Lorsque vous recevrez cette lettre, la journée nationale du souvenir et du recueillement à la mémoire des victimes civiles et militaires de la guerre d’Algérie et des combats en Tunisie et au Maroc aura eu lieu, avec le succès que mérite cette date.

 

Votre lettre du 4 mars est une insulte à l’histoire, elle n’est pas digne du Maire de Perpignan qui est censé représenter l’ensemble des habitants et habitantes de votre ville.

 

Le cessez le feu du 19 mars 1962 marque bien l’arrêt officiel de cette guerre. Il constitue un enjeu pour la mémoire française qui, désormais, n’identifie plus que cette date et celle de la Toussaint sanglante, le 1er novembre 1954.

 

Le 19 mars 1962, victoire de la paix gagnée en France par tous ceux qui ont lutté contre la colonisation et le racisme, par la fraternité entre les peuples, contre les coups d’état contre la République. Honneur aux soldats du contingent qui n’ont pas craint de refuser les ordres putchistes de leurs chefs militaires.

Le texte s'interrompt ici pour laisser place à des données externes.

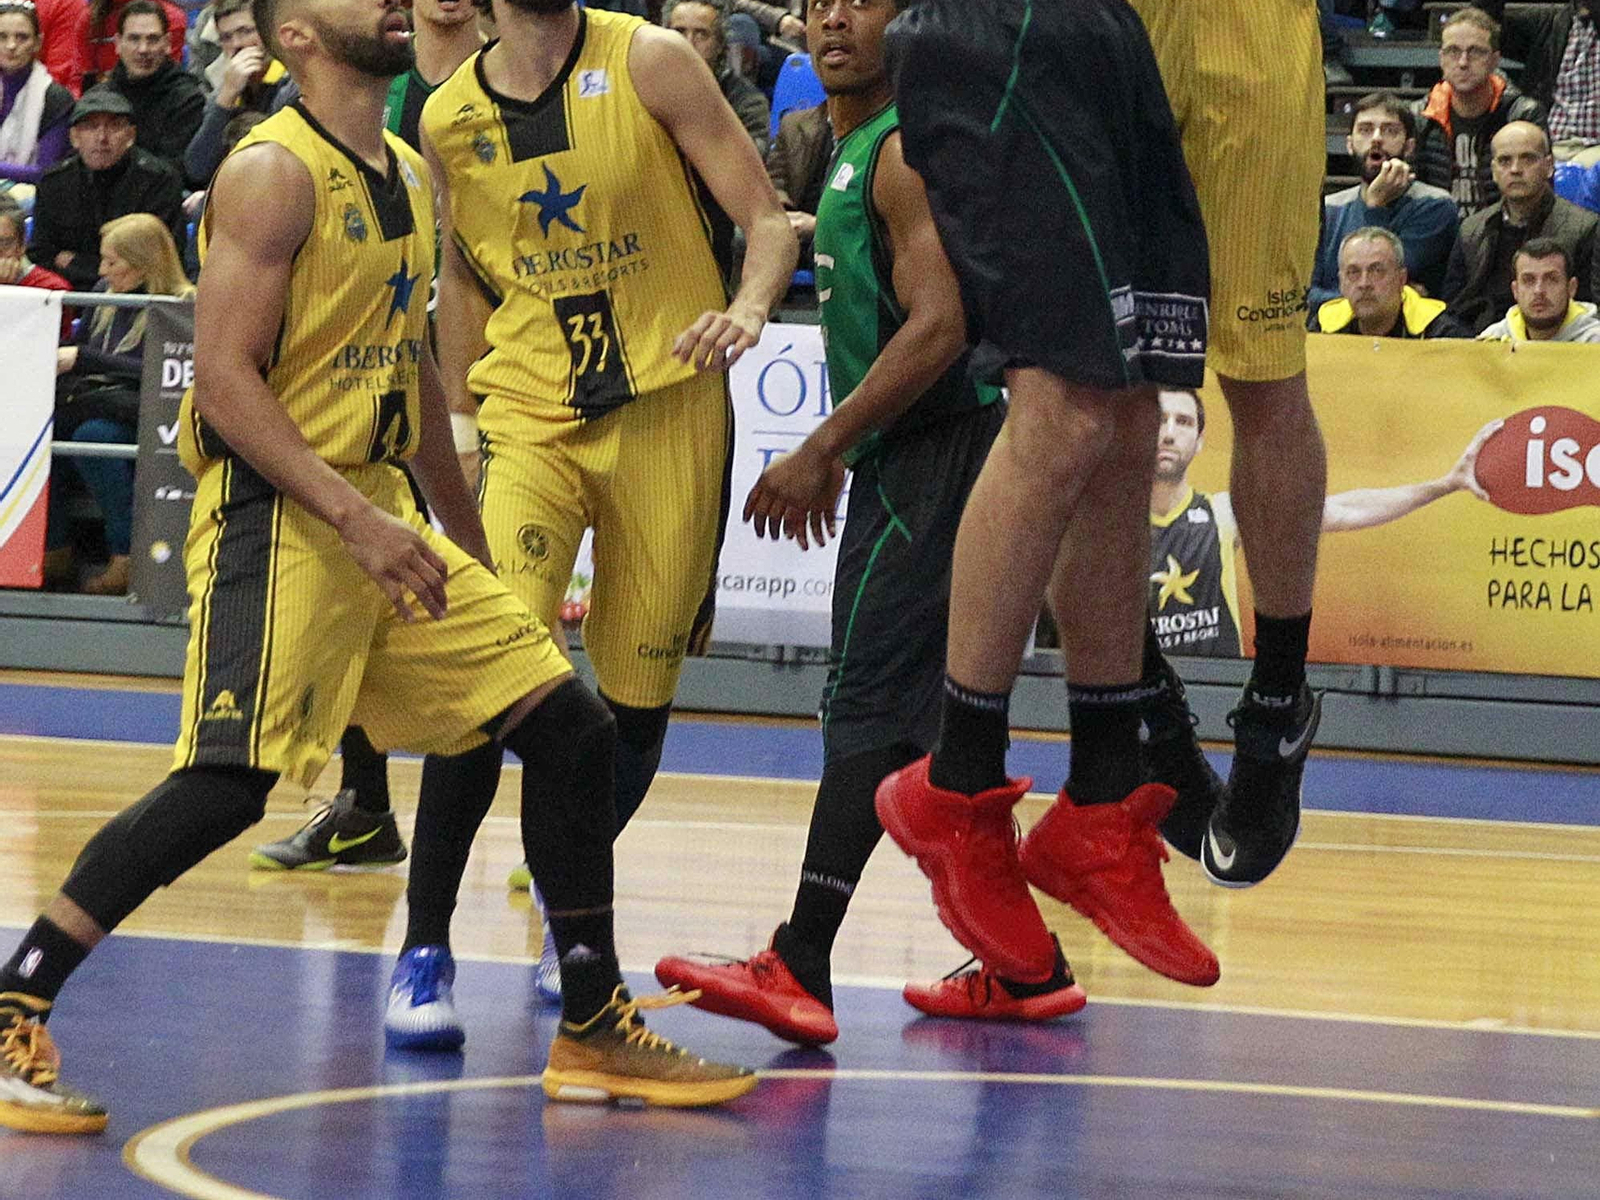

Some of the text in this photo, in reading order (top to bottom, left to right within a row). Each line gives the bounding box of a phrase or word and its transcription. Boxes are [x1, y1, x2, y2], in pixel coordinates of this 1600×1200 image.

Ceux-là mêmes qui furent à la tête de l’O.A.S. ; et qui n’hésitèrent pas à tirer, à tuer des soldats du contingent.

 

La paix en Algérie a fait beaucoup d’heureux, le peuple algérien bien sûr, en Algérie mais aussi en France.

 

N’oublions pas le 17 octobre à Paris où vingt mille d’entre eux manifestaient pacifiquement contre le couvre-feu qui leur était imposé, étaient réprimés sauvagement par la police du Préfet PAPON. Des morts par centaines, des blessés par milliers et 12 000 arrestations.

 

Le 19 mars 1962, heureuses les familles des soldats, et une grande majorité du peuple français, de tous ceux qui ont combattu pour la paix en Algérie.

Le 19 mars 1962, il fallait être appelé en Algérie pour comprendre leur grand bonheur. J’y étais. J’ai vécu ces moments intenses, comme j’ai vécu l’épreuve de l’O.A.S. et la journée sanglante du 5 juillet 1962 à Oran, où mon bataillon (35RI) était basé.

 

Le 19 mars, c’est aussi se rappeler du 8 février 1962 quand le peuple parisien protestant contre les attentats O.A.S. fut victime de la police de PAPON et des commandos O.A.S. faisant 9 morts et des centaines de blessés au métro Charonne.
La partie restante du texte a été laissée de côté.